I am not the first to make this point, obviously enough. But it is a point worthy of repeating that romantic love is not and cannot be the center of our emotional lives. More even than our horrible, corrupting laws on marriage and divorce, it is the deeply felt myth that romantic love is the basis of marriage that has brought us to our current state of familial chaos, in which those children lucky enough to be born generally find themselves, even if born into an intact family, grow up in significant measure outside of one.
Of course, if there is not a spark of romance between a man and a woman, marriage today is a non-starter. And it would seem foolish in our society for a couple to enter into marriage without knowing that they are attracted to one another and feel a deep physical and emotional connection with one another. Even the Puritans, supposedly so anti-romance, understood the need for couples to delight in one another; we are, after all, to become of one flesh.
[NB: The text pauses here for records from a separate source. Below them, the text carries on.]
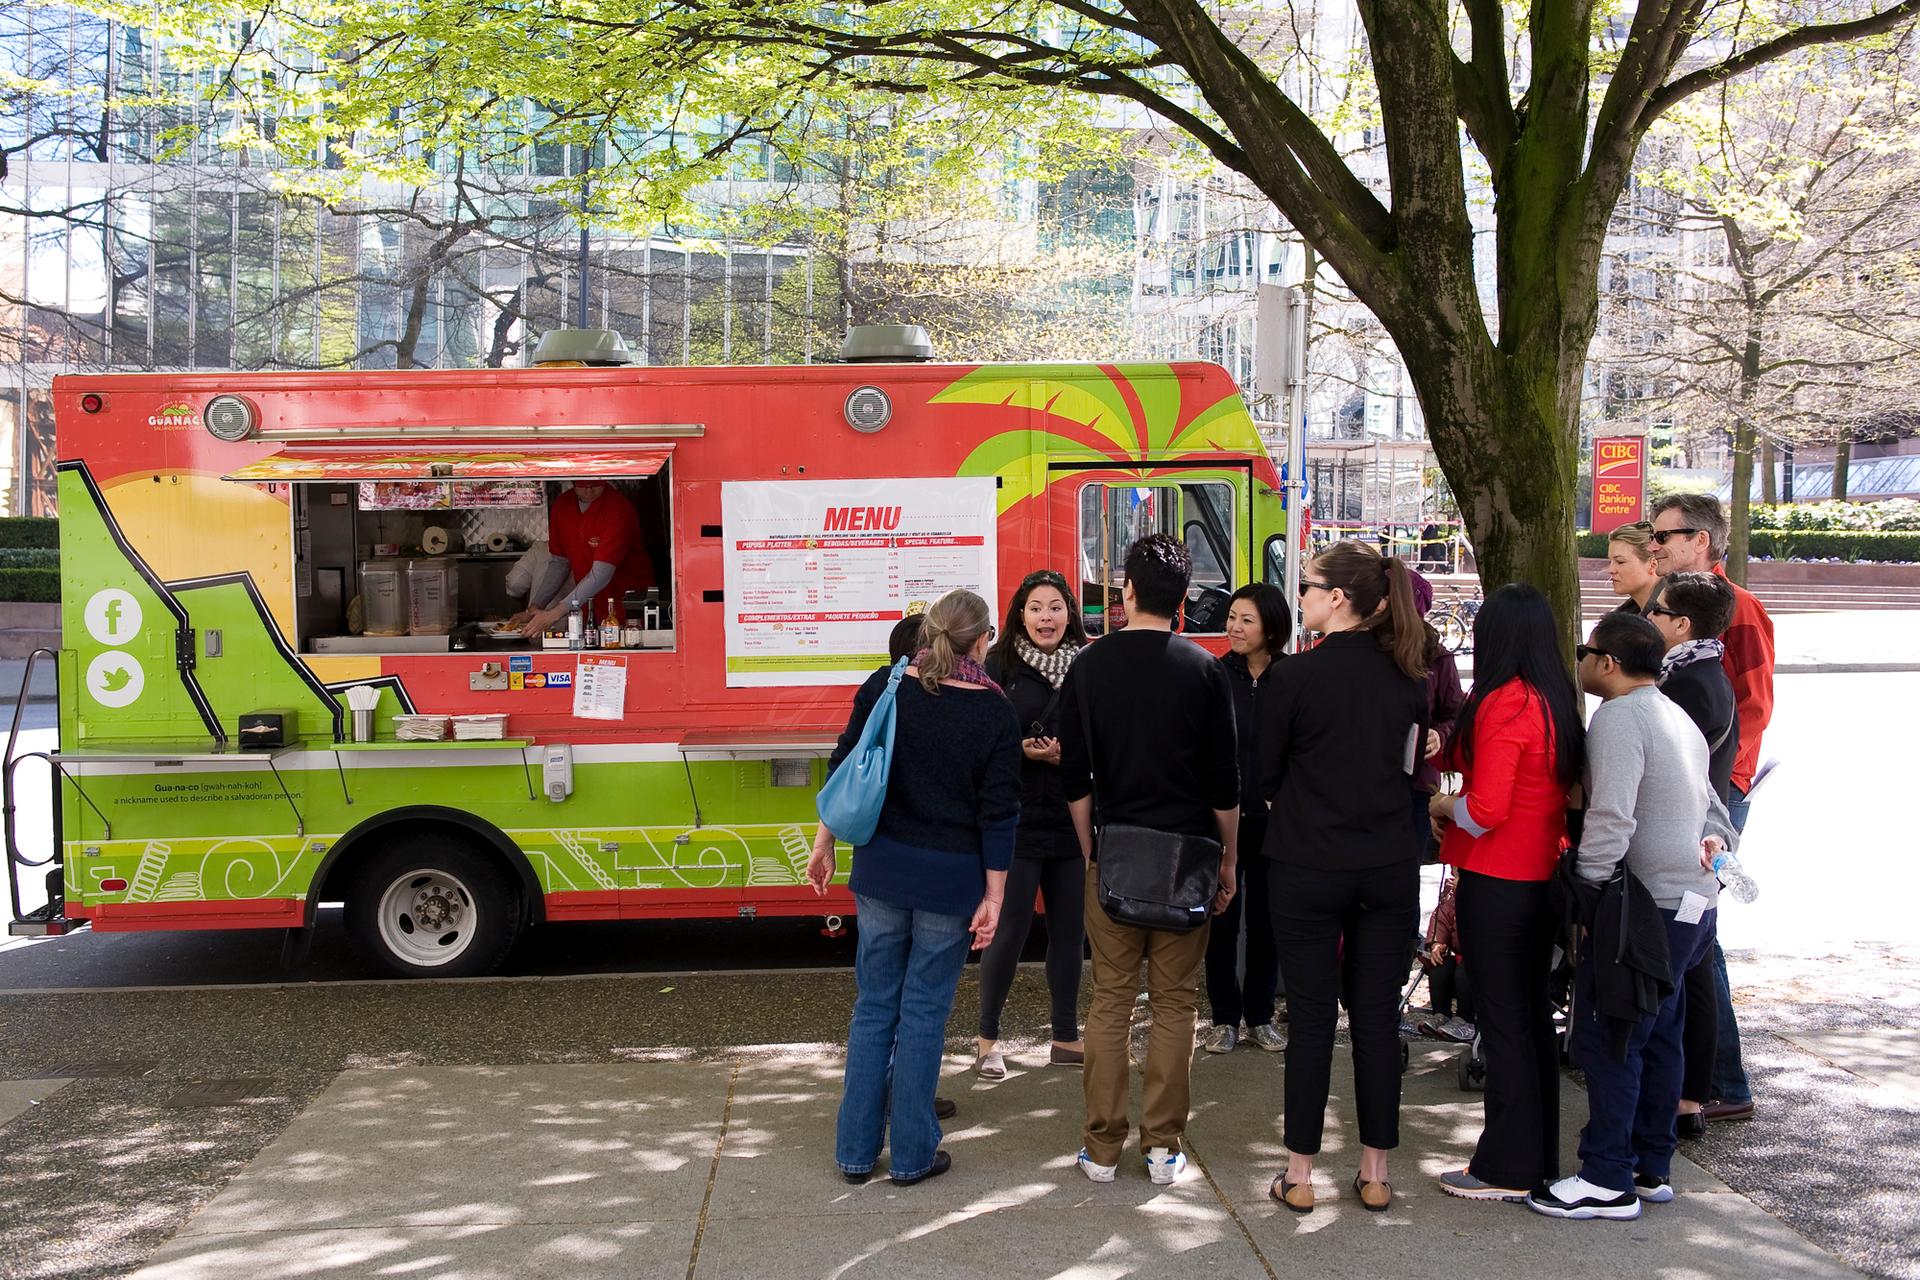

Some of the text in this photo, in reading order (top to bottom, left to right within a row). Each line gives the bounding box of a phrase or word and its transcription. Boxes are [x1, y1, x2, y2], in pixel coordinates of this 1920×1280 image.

[148, 415, 206, 426] GÜANAC
[1600, 445, 1637, 459] CIBC
[1599, 484, 1621, 493] CIBC
[1599, 494, 1636, 506] Banking
[1598, 504, 1630, 514] Centre
[823, 506, 902, 531] MENU
[742, 541, 766, 549] PUPUSA
[743, 613, 816, 621] COMPLEMENTOS/EXTRAS
[824, 611, 879, 620] PAQUETE PEQUEÑO
[551, 674, 570, 682] VISA
[154, 782, 262, 792] Gua-na-co [gwah-nah-koh]
[119, 796, 159, 805] nickname
[160, 795, 179, 804] used
[190, 794, 223, 803] describe
[230, 792, 272, 801] salvadoran
But romance fades—though it comes back stronger and more often than the movies tend to allow. One who constantly seeks the “high” of romantic love (they often say they are “in love with being in love”) is like any other addict, loyal only to his or her own needs. What is more, even if romantic love does not fade, it simply is not enough to sustain a marriage. A man must love his wife as a woman (and vice versa), but also as a wife and as a friend. A couple is a couple, but also the basis of a family, needing more than romance in order to raise good children and face all the trials involved therein. And we must love one another as friends, who share triumphs and tribulations, partners in many things and supports in many others, if we are to build a life together. Finally, of course, we must share in the love of God if we are to fully bind ourselves to one another, love without condition as we must, and find our proper place in creation.
These are no mere abstractions. Husbands and wives are not merely life-long playmates, but parts of a greater whole that is more important than either of them, and that demands both sacrifice and an unquestioning love that lasts through periods during which there may be anger or irritation (or, even worse, boredom) with one another. Familial love means being part of the same body, whatever particular tasks are involved. And that means, not working out a “fair” compromise regarding conflicting wants and desires, but doing one’s best for each other and for the whole.
This familial love also must extend to the children. This seems natural, but too often is degraded into a kind of sentimental, almost romantic love. The child is “cute” and one feels a certain emotional attachment to what one, after all, helped produce. But too often that love, too, can cool as the natural conflicts of family life arise and the call to find another romantic mate, or simply to be rid of the financial and lifestyle duties of family come to seem urgent. The child who is merely an object of emotional affection, rather than part of one’s greater, familial identity, bound to one through the loving habits of daily interaction and dedication, will too often be abandoned to his or her fate when the selfish desire to “grow” or “experience life” or some other rationalization calls. Familial love means identification as being one, parts of an indissoluble whole.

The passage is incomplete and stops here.